EXERCISE -> The data that follows is to be given again, exactly as written.

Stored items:

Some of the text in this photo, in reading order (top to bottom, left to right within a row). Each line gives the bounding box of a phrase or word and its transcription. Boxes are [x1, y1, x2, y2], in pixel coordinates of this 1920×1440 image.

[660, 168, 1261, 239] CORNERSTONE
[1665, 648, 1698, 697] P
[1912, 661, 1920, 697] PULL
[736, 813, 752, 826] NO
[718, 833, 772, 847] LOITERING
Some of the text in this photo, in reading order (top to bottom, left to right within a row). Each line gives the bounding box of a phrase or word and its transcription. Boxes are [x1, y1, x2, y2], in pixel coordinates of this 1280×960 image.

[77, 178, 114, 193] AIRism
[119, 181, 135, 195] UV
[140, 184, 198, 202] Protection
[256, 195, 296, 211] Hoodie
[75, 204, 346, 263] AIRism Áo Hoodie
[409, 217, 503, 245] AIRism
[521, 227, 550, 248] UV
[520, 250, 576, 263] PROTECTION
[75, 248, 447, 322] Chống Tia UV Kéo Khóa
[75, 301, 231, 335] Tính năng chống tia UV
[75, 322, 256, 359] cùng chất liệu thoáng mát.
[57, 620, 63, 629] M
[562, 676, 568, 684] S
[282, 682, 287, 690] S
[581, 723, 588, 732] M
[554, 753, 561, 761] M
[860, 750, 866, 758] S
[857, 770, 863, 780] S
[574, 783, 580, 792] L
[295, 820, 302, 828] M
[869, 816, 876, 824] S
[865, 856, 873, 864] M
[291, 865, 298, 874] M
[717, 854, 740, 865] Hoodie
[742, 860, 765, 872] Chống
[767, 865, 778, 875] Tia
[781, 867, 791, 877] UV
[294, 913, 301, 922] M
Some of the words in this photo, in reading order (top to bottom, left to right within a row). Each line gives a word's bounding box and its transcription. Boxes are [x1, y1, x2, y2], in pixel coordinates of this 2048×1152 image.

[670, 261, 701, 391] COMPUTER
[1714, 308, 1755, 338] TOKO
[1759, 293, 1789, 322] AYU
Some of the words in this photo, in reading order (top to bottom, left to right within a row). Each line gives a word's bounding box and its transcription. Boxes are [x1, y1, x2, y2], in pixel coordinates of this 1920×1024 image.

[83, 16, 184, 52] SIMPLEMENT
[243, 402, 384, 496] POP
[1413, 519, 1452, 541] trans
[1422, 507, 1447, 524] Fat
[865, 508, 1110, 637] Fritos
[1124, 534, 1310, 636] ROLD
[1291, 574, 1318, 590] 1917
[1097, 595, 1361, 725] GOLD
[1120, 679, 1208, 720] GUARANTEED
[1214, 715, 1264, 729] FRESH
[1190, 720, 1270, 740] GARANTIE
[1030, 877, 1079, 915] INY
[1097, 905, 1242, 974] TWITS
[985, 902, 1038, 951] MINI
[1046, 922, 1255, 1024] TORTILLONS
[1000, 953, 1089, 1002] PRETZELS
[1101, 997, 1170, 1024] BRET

OUTPUT FOR THIS TASK ->
Some of the text in this photo, in reading order (top to bottom, left to right within a row). Each line gives the bounding box of a phrase or word and its transcription. Boxes are [x1, y1, x2, y2], in pixel coordinates of this 1920×1440 image.

[660, 168, 1261, 239] CORNERSTONE
[1665, 648, 1698, 697] P
[1912, 661, 1920, 697] PULL
[736, 813, 752, 826] NO
[718, 833, 772, 847] LOITERING
Some of the text in this photo, in reading order (top to bottom, left to right within a row). Each line gives the bounding box of a phrase or word and its transcription. Boxes are [x1, y1, x2, y2], in pixel coordinates of this 1280×960 image.

[77, 178, 114, 193] AIRism
[119, 181, 135, 195] UV
[140, 184, 198, 202] Protection
[256, 195, 296, 211] Hoodie
[75, 204, 346, 263] AIRism Áo Hoodie
[409, 217, 503, 245] AIRism
[521, 227, 550, 248] UV
[520, 250, 576, 263] PROTECTION
[75, 248, 447, 322] Chống Tia UV Kéo Khóa
[75, 301, 231, 335] Tính năng chống tia UV
[75, 322, 256, 359] cùng chất liệu thoáng mát.
[57, 620, 63, 629] M
[562, 676, 568, 684] S
[282, 682, 287, 690] S
[581, 723, 588, 732] M
[554, 753, 561, 761] M
[860, 750, 866, 758] S
[857, 770, 863, 780] S
[574, 783, 580, 792] L
[295, 820, 302, 828] M
[869, 816, 876, 824] S
[865, 856, 873, 864] M
[291, 865, 298, 874] M
[717, 854, 740, 865] Hoodie
[742, 860, 765, 872] Chống
[767, 865, 778, 875] Tia
[781, 867, 791, 877] UV
[294, 913, 301, 922] M
Some of the words in this photo, in reading order (top to bottom, left to right within a row). Each line gives a word's bounding box and its transcription. Boxes are [x1, y1, x2, y2], in pixel coordinates of this 2048×1152 image.

[670, 261, 701, 391] COMPUTER
[1714, 308, 1755, 338] TOKO
[1759, 293, 1789, 322] AYU
Some of the words in this photo, in reading order (top to bottom, left to right within a row). Each line gives a word's bounding box and its transcription. Boxes are [x1, y1, x2, y2], in pixel coordinates of this 1920×1024 image.

[83, 16, 184, 52] SIMPLEMENT
[243, 402, 384, 496] POP
[1413, 519, 1452, 541] trans
[1422, 507, 1447, 524] Fat
[865, 508, 1110, 637] Fritos
[1124, 534, 1310, 636] ROLD
[1291, 574, 1318, 590] 1917
[1097, 595, 1361, 725] GOLD
[1120, 679, 1208, 720] GUARANTEED
[1214, 715, 1264, 729] FRESH
[1190, 720, 1270, 740] GARANTIE
[1030, 877, 1079, 915] INY
[1097, 905, 1242, 974] TWITS
[985, 902, 1038, 951] MINI
[1046, 922, 1255, 1024] TORTILLONS
[1000, 953, 1089, 1002] PRETZELS
[1101, 997, 1170, 1024] BRET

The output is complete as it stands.